* _Your task_
From the first line to the last, copy the data below word for word.

* _Spatial localization data_
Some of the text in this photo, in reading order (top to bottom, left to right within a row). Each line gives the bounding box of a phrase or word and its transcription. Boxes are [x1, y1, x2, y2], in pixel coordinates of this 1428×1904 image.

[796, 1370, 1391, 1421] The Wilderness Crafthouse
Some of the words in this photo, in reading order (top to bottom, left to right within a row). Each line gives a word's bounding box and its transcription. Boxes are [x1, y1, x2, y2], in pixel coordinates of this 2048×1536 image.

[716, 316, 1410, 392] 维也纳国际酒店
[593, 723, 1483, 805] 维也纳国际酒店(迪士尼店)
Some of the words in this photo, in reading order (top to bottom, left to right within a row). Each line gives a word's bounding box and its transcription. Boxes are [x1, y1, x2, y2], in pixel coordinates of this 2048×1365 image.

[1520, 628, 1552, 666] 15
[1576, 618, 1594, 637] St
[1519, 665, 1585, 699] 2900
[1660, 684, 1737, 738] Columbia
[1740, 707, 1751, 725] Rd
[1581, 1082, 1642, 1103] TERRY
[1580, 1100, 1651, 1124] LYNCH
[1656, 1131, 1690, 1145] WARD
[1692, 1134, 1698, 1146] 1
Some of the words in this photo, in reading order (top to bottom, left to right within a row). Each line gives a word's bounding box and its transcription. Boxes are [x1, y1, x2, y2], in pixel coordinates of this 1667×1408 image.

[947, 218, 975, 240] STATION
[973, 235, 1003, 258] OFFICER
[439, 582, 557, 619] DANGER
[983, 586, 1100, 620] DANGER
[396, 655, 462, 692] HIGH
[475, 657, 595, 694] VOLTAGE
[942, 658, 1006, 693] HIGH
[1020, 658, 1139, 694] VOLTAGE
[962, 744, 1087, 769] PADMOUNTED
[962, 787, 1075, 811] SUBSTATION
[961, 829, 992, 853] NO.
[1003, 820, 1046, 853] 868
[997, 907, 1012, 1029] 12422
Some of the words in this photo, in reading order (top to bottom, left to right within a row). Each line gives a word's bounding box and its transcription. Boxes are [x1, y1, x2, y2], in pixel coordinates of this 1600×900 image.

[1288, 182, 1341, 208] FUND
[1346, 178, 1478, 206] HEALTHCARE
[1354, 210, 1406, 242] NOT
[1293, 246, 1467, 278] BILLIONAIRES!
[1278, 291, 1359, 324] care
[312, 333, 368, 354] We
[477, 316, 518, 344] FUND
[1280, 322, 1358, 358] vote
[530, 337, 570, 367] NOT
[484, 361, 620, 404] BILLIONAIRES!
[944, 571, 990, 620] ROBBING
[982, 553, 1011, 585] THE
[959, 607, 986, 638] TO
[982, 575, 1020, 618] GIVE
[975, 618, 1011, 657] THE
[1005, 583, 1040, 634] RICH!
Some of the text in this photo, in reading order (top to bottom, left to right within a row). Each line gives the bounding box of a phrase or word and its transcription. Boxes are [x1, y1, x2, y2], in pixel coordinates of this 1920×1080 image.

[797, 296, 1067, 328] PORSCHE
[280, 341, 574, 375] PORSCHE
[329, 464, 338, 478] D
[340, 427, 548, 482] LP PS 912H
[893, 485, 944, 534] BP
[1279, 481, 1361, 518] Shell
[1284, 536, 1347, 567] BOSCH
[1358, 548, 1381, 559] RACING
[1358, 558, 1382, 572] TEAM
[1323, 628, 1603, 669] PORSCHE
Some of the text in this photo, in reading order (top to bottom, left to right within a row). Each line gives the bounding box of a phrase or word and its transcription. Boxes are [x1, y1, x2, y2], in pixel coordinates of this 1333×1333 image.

* _Solution for this exercise_
Some of the text in this photo, in reading order (top to bottom, left to right within a row). Each line gives the bounding box of a phrase or word and its transcription. Boxes are [x1, y1, x2, y2], in pixel coordinates of this 1428×1904 image.

[796, 1370, 1391, 1421] The Wilderness Crafthouse
Some of the words in this photo, in reading order (top to bottom, left to right within a row). Each line gives a word's bounding box and its transcription. Boxes are [x1, y1, x2, y2], in pixel coordinates of this 2048×1536 image.

[716, 316, 1410, 392] 维也纳国际酒店
[593, 723, 1483, 805] 维也纳国际酒店(迪士尼店)
Some of the words in this photo, in reading order (top to bottom, left to right within a row). Each line gives a word's bounding box and its transcription. Boxes are [x1, y1, x2, y2], in pixel coordinates of this 2048×1365 image.

[1520, 628, 1552, 666] 15
[1576, 618, 1594, 637] St
[1519, 665, 1585, 699] 2900
[1660, 684, 1737, 738] Columbia
[1740, 707, 1751, 725] Rd
[1581, 1082, 1642, 1103] TERRY
[1580, 1100, 1651, 1124] LYNCH
[1656, 1131, 1690, 1145] WARD
[1692, 1134, 1698, 1146] 1
Some of the words in this photo, in reading order (top to bottom, left to right within a row). Each line gives a word's bounding box and its transcription. Boxes are [x1, y1, x2, y2], in pixel coordinates of this 1667×1408 image.

[947, 218, 975, 240] STATION
[973, 235, 1003, 258] OFFICER
[439, 582, 557, 619] DANGER
[983, 586, 1100, 620] DANGER
[396, 655, 462, 692] HIGH
[475, 657, 595, 694] VOLTAGE
[942, 658, 1006, 693] HIGH
[1020, 658, 1139, 694] VOLTAGE
[962, 744, 1087, 769] PADMOUNTED
[962, 787, 1075, 811] SUBSTATION
[961, 829, 992, 853] NO.
[1003, 820, 1046, 853] 868
[997, 907, 1012, 1029] 12422
Some of the words in this photo, in reading order (top to bottom, left to right within a row). Each line gives a word's bounding box and its transcription. Boxes are [x1, y1, x2, y2], in pixel coordinates of this 1600×900 image.

[1288, 182, 1341, 208] FUND
[1346, 178, 1478, 206] HEALTHCARE
[1354, 210, 1406, 242] NOT
[1293, 246, 1467, 278] BILLIONAIRES!
[1278, 291, 1359, 324] care
[312, 333, 368, 354] We
[477, 316, 518, 344] FUND
[1280, 322, 1358, 358] vote
[530, 337, 570, 367] NOT
[484, 361, 620, 404] BILLIONAIRES!
[944, 571, 990, 620] ROBBING
[982, 553, 1011, 585] THE
[959, 607, 986, 638] TO
[982, 575, 1020, 618] GIVE
[975, 618, 1011, 657] THE
[1005, 583, 1040, 634] RICH!
Some of the text in this photo, in reading order (top to bottom, left to right within a row). Each line gives the bounding box of a phrase or word and its transcription. Boxes are [x1, y1, x2, y2], in pixel coordinates of this 1920×1080 image.

[797, 296, 1067, 328] PORSCHE
[280, 341, 574, 375] PORSCHE
[329, 464, 338, 478] D
[340, 427, 548, 482] LP PS 912H
[893, 485, 944, 534] BP
[1279, 481, 1361, 518] Shell
[1284, 536, 1347, 567] BOSCH
[1358, 548, 1381, 559] RACING
[1358, 558, 1382, 572] TEAM
[1323, 628, 1603, 669] PORSCHE
Some of the text in this photo, in reading order (top to bottom, left to right within a row). Each line gives the bounding box of a phrase or word and its transcription. Boxes are [x1, y1, x2, y2], in pixel coordinates of this 1333×1333 image.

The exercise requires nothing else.